Moreover, John McCain’s pro-amnesty fight, which almost cost him the Republican nomination, did nothing to help him in November, when he lost Hispanics 67-32 to Obama.

But when the McCain of 2010 ran that ad demanding that the government “complete the danged fence,” he crushed conservative rival J.D. Hayworth and is on his way back to the Senate for a fifth term.

McCain’s record these past three years makes the point: Pandering to Hispanics on illegal immigration is no automatic winner for the GOP among Hispanics, and a tough line against illegal aliens is no automatic loser.

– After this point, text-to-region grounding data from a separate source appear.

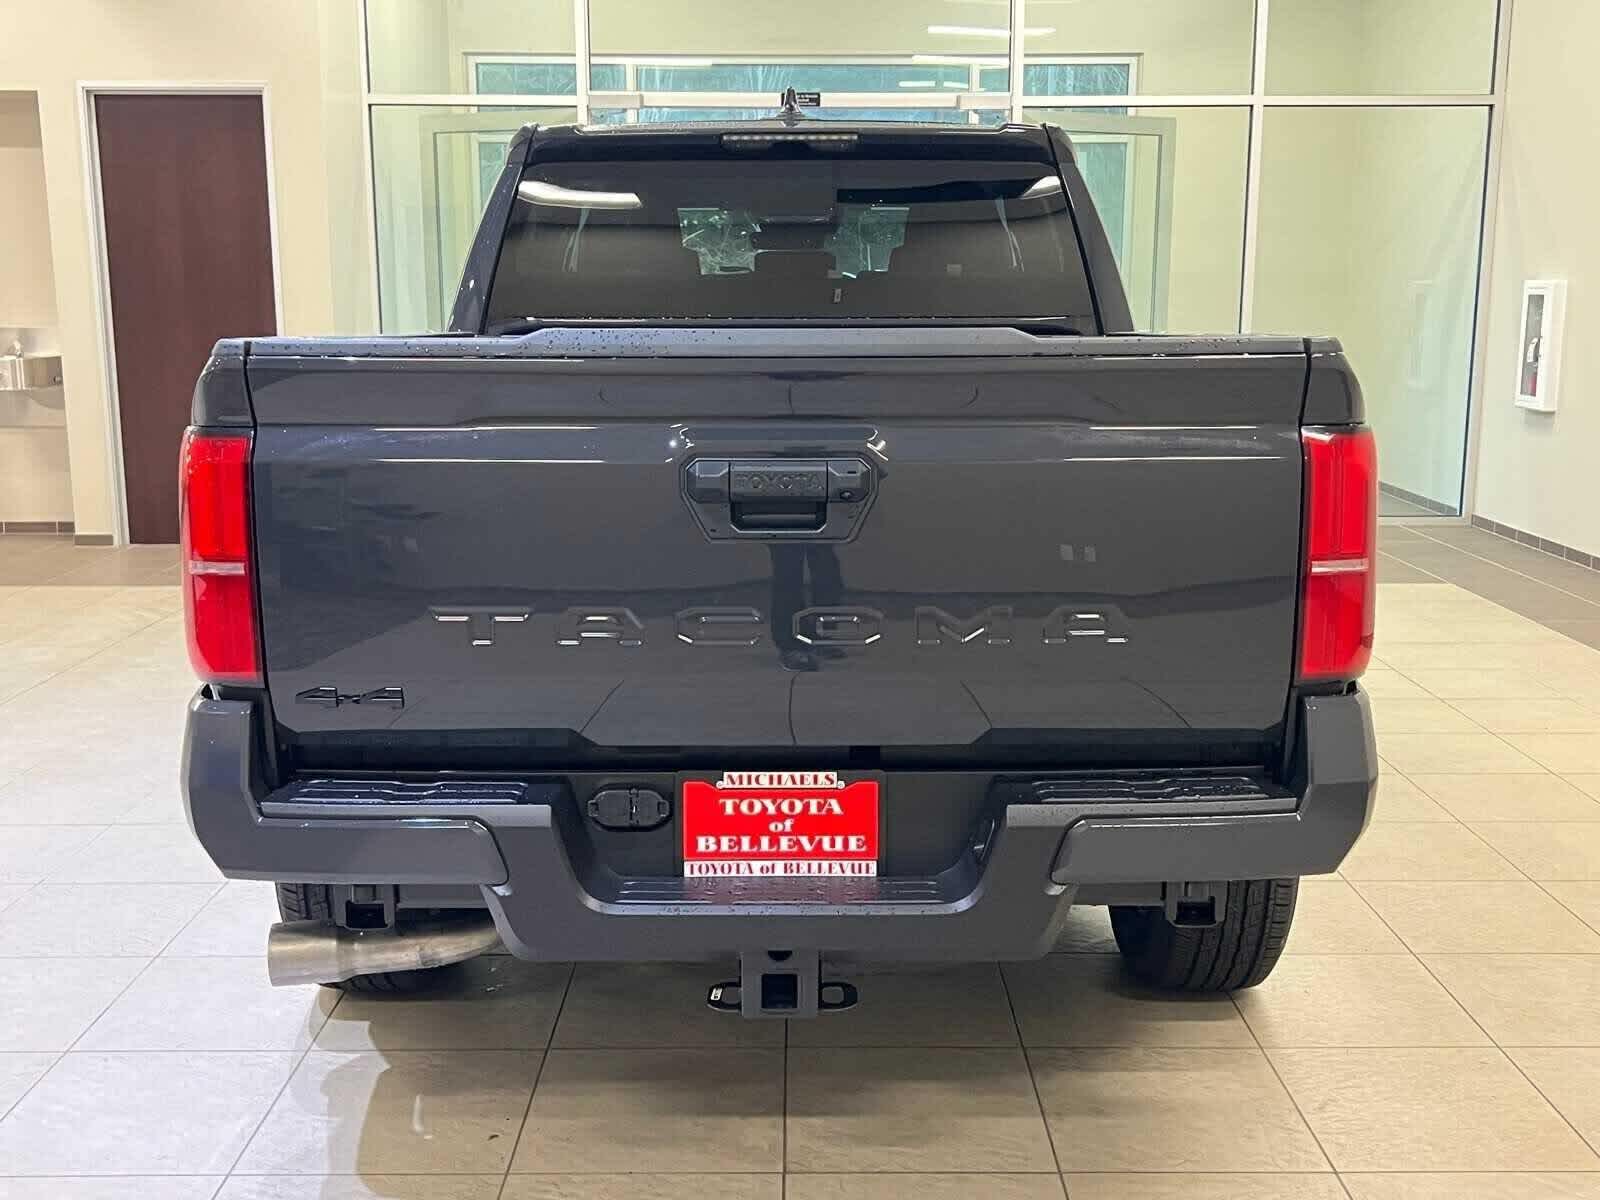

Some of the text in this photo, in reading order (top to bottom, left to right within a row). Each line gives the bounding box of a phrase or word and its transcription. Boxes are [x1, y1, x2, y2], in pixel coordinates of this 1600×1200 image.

[735, 473, 825, 490] TOYOTA
[428, 605, 1129, 646] TACOMA
[726, 773, 835, 785] MICHAELS
[719, 798, 843, 815] TOYOTA
[768, 818, 794, 832] of
[695, 835, 867, 853] BELLEVUE
[687, 862, 875, 875] TOYOTA of BELLEVUE

Even Democrats are catching on.

In the gubernatorial race in New Mexico, the most Hispanicized state in the union, Democratic Lt. Gov. Diane Denish has promised to deny driver’s licenses to illegals. Her Republican opponent, Susana Martinez, goes her one better. She will take away driver’s licenses from illegal aliens who now have them. Martinez is running ahead and likely to be the first elected Latina governor in U.S. history.

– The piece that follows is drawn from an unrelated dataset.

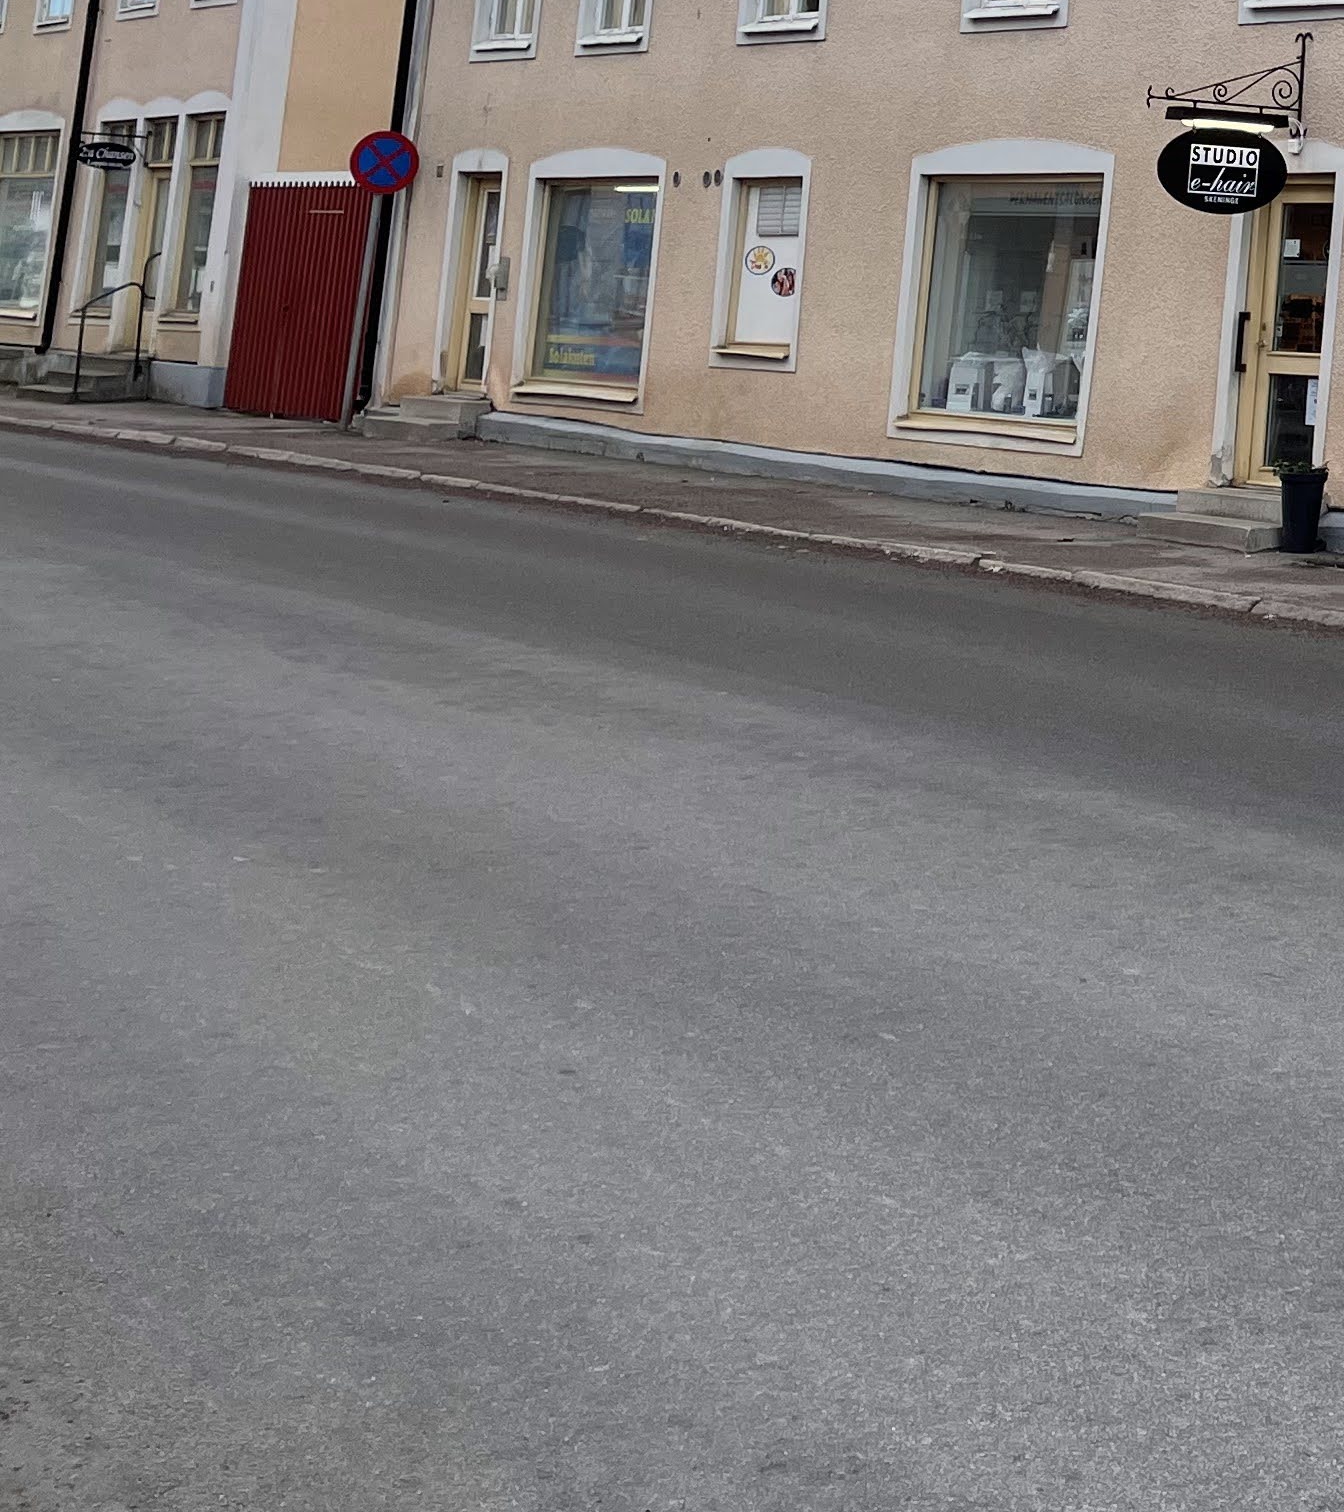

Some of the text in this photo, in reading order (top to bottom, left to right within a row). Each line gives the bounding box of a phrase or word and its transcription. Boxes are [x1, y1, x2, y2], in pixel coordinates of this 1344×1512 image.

[1192, 146, 1257, 166] STUDIO
[1191, 167, 1255, 193] e-hair
[624, 208, 655, 224] SOLA

Looking further into the Pew poll, Sailer found that of the seven issues of greatest concern to Hispanics, immigration ranked just fifth, barely ahead of the environment. Fewer than one in three Hispanics named immigration as extremely or very important.

The issues of greatest concern to Hispanics are education (58 percent), jobs (54 percent), health care (51 percent) and the budget deficit (35 percent).

With the exception of an intense concern over the crisis in public education affecting their children, Latinos share the concerns of other Americans. Perhaps it is time we began to treat these as our fellow Americans, rather than doing the Rovian thing and cross-dressing as La Raza Republicans.

Our immigration crisis is not an insoluble problem, if we have the will to resolve it. Not only has Homeland Security deported 780,000 illegal aliens in two years, an estimated 1 million have departed due to the Great Recession and an absence of jobs.

Yet, with 8 million U.S. jobs still held by illegal aliens, 15 million Americans out of work and another 10 million seeking work or having given up, the needed steps are simple, if not easy.

First, “complete the danged fence” on the border. Second, accelerate the deportations. Third, step up the audits and raids on scofflaw businesses that hire illegals. Fourth, enact a law in the new Congress denying automatic citizenship to babies born to parents who are in our country illegally, and dare President Obama to veto it.

Finally, demand a national moratorium on all immigration, until unemployment among all of our Americans falls to 6 percent.

Send the illegals back home, and send the Americans back to work.